Hong Kong Med J. 2007 Jun;13(3):187-93.
To assess the standard of hysterectomy in public hospitals in Hong Kong, so as to improve the quality of patient care and outcome.
Clinical audit.
Twelve Hong Kong Hospital Authority public hospitals.
All patients undergoing hysterectomy for benign gynaecological conditions during the period from 1 July 2002 to 31 December 2002 inclusive.
A total of 1330 patients were included for analysis: 934 (70.2%) having abdominal hysterectomies, 184 (13.8%) having laparoscopic hysterectomies, and 212 (15.9%) undergoing vaginal hysterectomies. Uterine fibroids constituted the commonest indication for abdominal (73.7%) and laparoscopic (61.4%) hysterectomies, while genital prolapse was the most common indication (96.2%) for vaginal hysterectomy. The majority of patients undergoing laparoscopic and vaginal hysterectomy (86.3% and 84.8% respectively) were given prophylactic antibiotics, in contrast to only 45.8% of those undergoing abdominal hysterectomy. In all, 85.8% of the abdominal and vaginal hysterectomies performed by trainees were supervised, while for trainees performing laparoscopic hysterectomy, all had specialists as their first assistant. The overall incidence of complications for vaginal hysterectomy was lower than that for both abdominal hysterectomy (P<0.001) and laparoscopic hysterectomy (P<0.05). Infectious morbidity was significantly higher in patients undergoing abdominal hysterectomy without prophylactic antibiotics.

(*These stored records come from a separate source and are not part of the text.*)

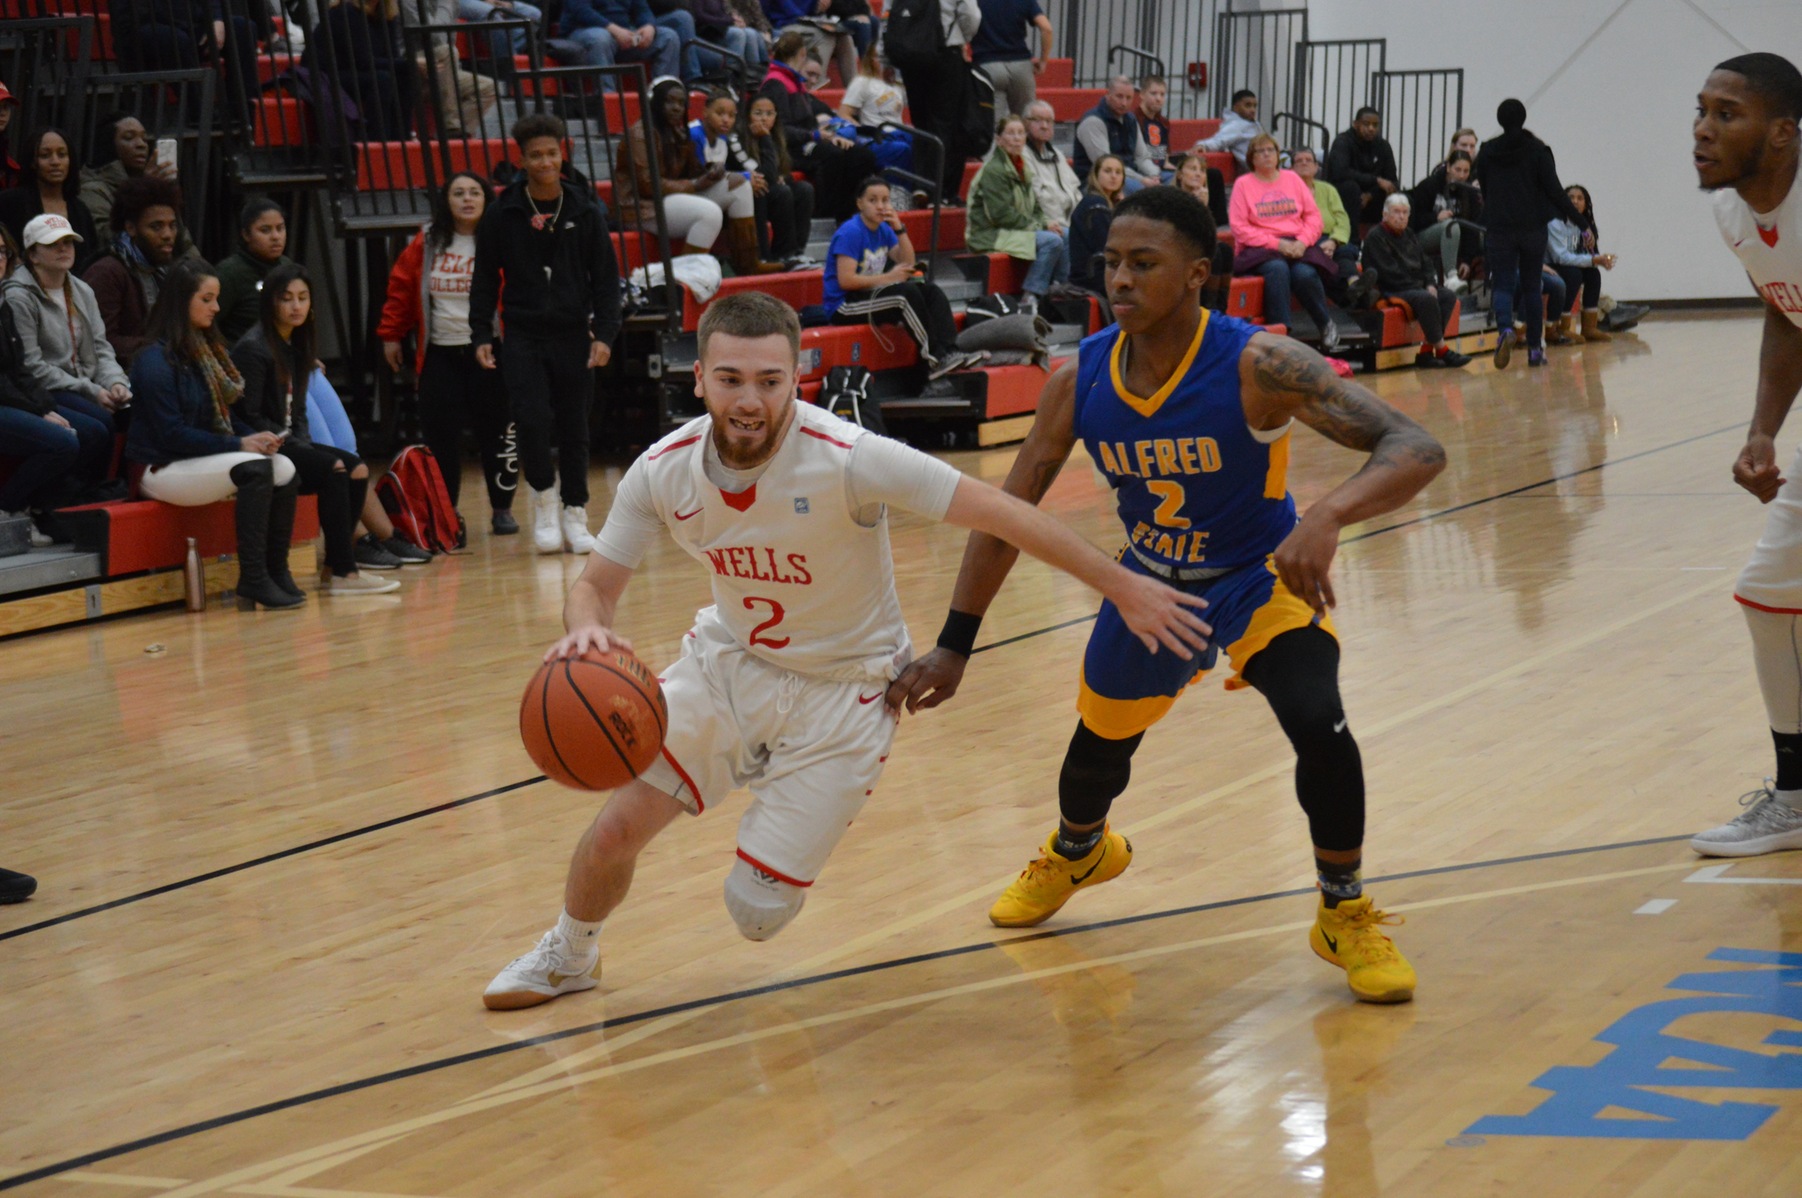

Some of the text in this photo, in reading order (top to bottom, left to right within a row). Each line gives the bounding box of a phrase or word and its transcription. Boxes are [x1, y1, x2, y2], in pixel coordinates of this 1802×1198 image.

[1148, 123, 1161, 147] S
[1099, 436, 1222, 478] ALFRED
[1146, 480, 1191, 530] 2
[702, 546, 813, 586] WELLS
[743, 596, 791, 649] 2

The overall incidence of complications was lower for vaginal hysterectomies, as compared to both abdominal and laparoscopic hysterectomies, whereas the risk of urinary tract injury was significantly higher for laparoscopic hysterectomy. According to our audit, the level of supervision for the trainees was high. However, routine antibiotic prophylaxis should be more consistently used in the territory.

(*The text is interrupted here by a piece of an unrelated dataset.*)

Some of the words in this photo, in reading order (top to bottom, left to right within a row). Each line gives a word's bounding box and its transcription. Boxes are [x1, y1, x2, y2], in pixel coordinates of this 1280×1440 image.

评估香港公立医院子宫切除术的水平,以提高患者护理质量和治疗效果。
临床审计。
香港医院管理局的12家公立医院。
2002年7月1日至2002年12月31日期间因良性妇科疾病接受子宫切除术的所有患者。
共有1330例患者纳入分析:934例(70.2%)接受腹式子宫切除术,184例(13.8%)接受腹腔镜子宫切除术,212例(15.9%)接受阴式子宫切除术。子宫肌瘤是腹式(73.7%)和腹腔镜(61.4%)子宫切除术最常见的指征,而子宫脱垂是阴式子宫切除术最常见的指征(96.2%)。接受腹腔镜和阴式子宫切除术的大多数患者(分别为86.3%和84.8%)使用了预防性抗生素,相比之下,接受腹式子宫切除术的患者中只有45.8%使用了预防性抗生素。总体而言,受训人员进行的腹式和阴式子宫切除术中,85.8%受到监督,而受训人员进行腹腔镜子宫切除术时,所有手术都有专科医生作为第一助手。阴式子宫切除术的总体并发症发生率低于腹式子宫切除术(P<0.001)和腹腔镜子宫切除术(P<0.05)。未使用预防性抗生素的腹式子宫切除术患者的感染发病率显著更高。
与腹式和腹腔镜子宫切除术相比,阴式子宫切除术的总体并发症发生率较低,而腹腔镜子宫切除术的尿路损伤风险显著更高。根据我们的审计,对受训人员的监督水平较高。然而,该地区应更一致地使用常规抗生素预防。